Text-to-region grounding data:
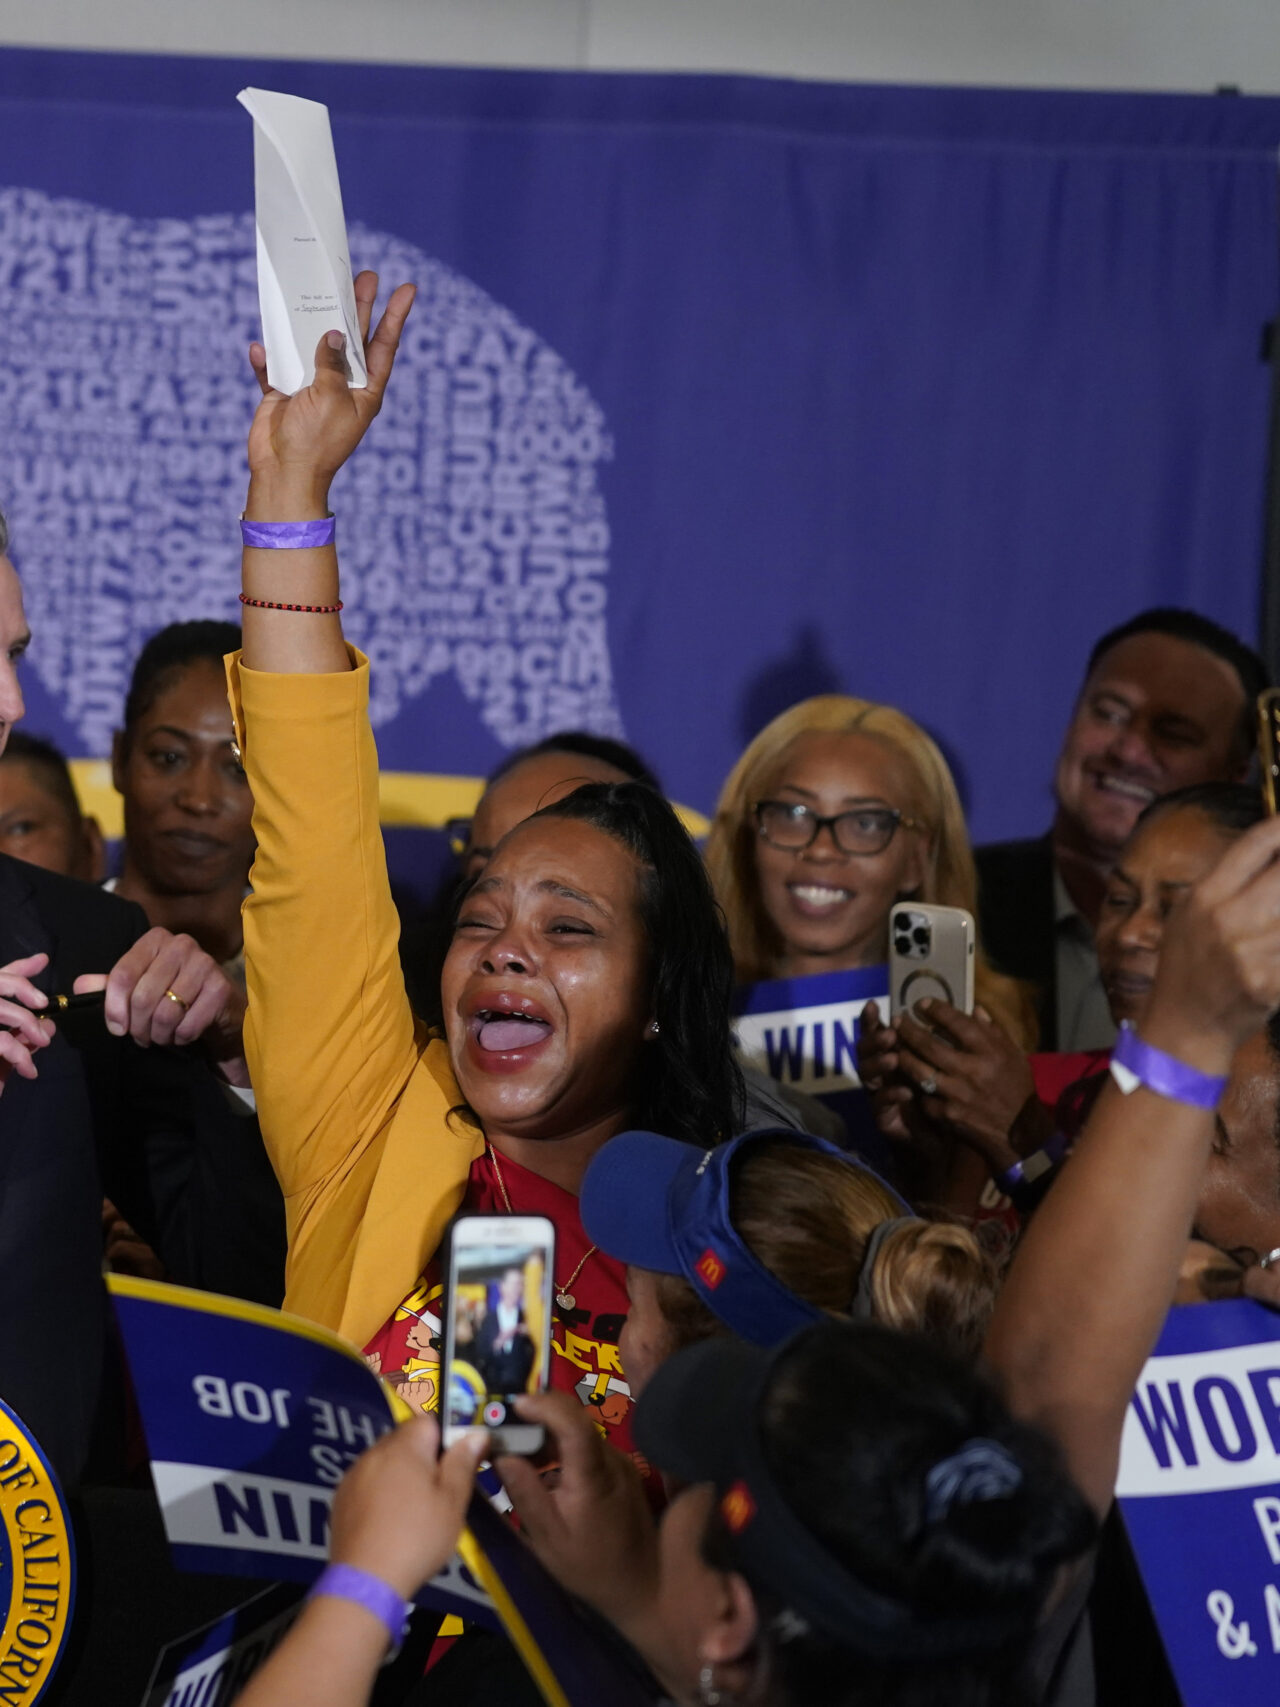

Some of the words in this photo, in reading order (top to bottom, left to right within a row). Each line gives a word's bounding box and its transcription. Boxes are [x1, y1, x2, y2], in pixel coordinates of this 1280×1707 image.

[451, 370, 492, 546] CSUEU
[492, 463, 531, 549] CIR
[532, 463, 571, 587] UHW
[764, 1016, 862, 1082] WIN
[191, 1374, 292, 1429] JOB
[1206, 1589, 1258, 1659] &
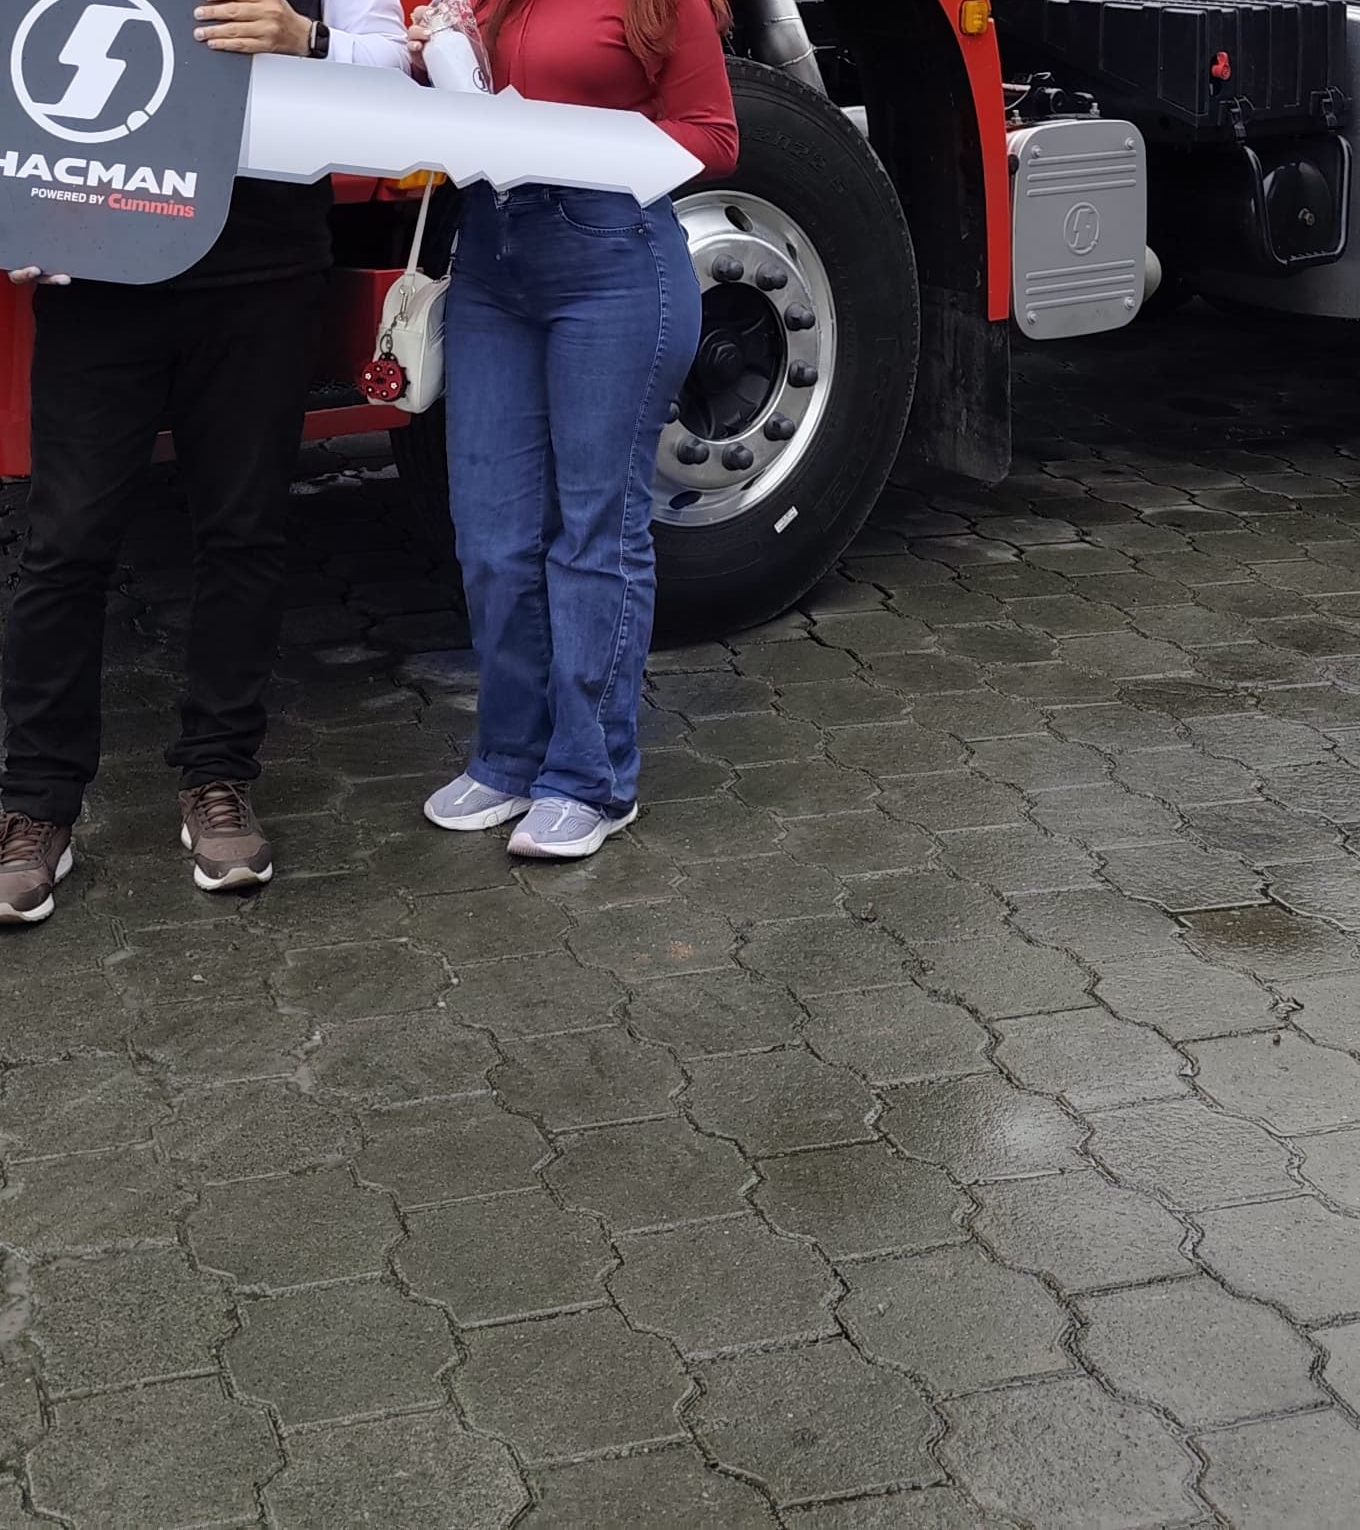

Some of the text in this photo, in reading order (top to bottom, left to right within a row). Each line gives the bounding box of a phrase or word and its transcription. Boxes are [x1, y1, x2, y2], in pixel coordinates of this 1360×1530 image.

[31, 187, 194, 218] POWERED BY Cummins
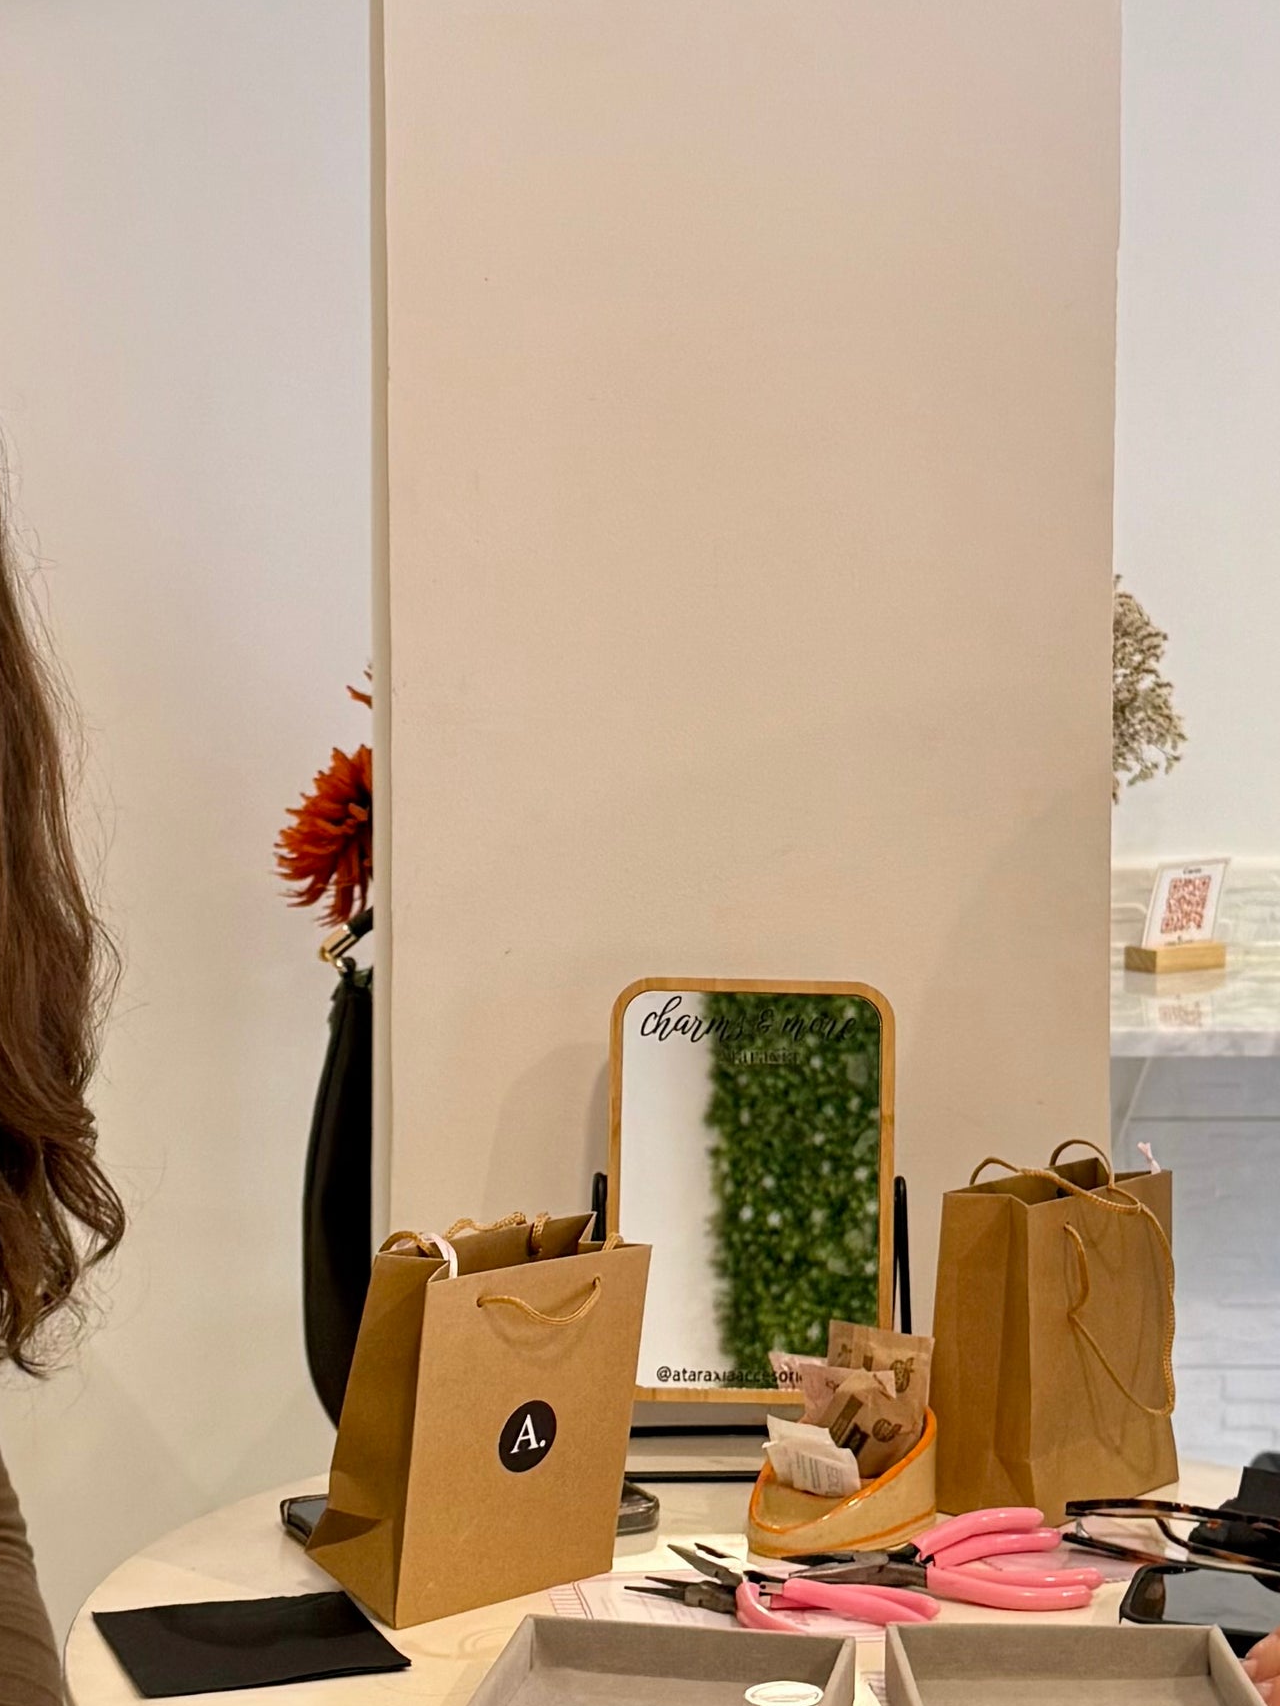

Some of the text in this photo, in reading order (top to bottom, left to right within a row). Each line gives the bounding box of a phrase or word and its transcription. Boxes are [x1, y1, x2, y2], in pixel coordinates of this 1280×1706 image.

[640, 995, 745, 1043] charms
[781, 1015, 858, 1042] more
[510, 1413, 546, 1454] A.

**Work request**
The required output is each record above, reproduced exactly, without its pictures.

**Exercise output**
Some of the words in this photo, in reading order (top to bottom, left to right within a row). Each line gives a word's bounding box and its transcription. Boxes are [x1, y1, x2, y2], in pixel coordinates of this 1280×1707 image.

[451, 370, 492, 546] CSUEU
[492, 463, 531, 549] CIR
[532, 463, 571, 587] UHW
[764, 1016, 862, 1082] WIN
[191, 1374, 292, 1429] JOB
[1206, 1589, 1258, 1659] &

Some of the text in this photo, in reading order (top to bottom, left to right within a row). Each line gives the bounding box of a phrase or word and its transcription. Boxes are [x1, y1, x2, y2], in pixel coordinates of this 1360×1530 image.

[31, 187, 194, 218] POWERED BY Cummins

Some of the text in this photo, in reading order (top to bottom, left to right within a row). Each line gives the bounding box of a phrase or word and its transcription. Boxes are [x1, y1, x2, y2], in pixel coordinates of this 1280×1706 image.

[640, 995, 745, 1043] charms
[781, 1015, 858, 1042] more
[510, 1413, 546, 1454] A.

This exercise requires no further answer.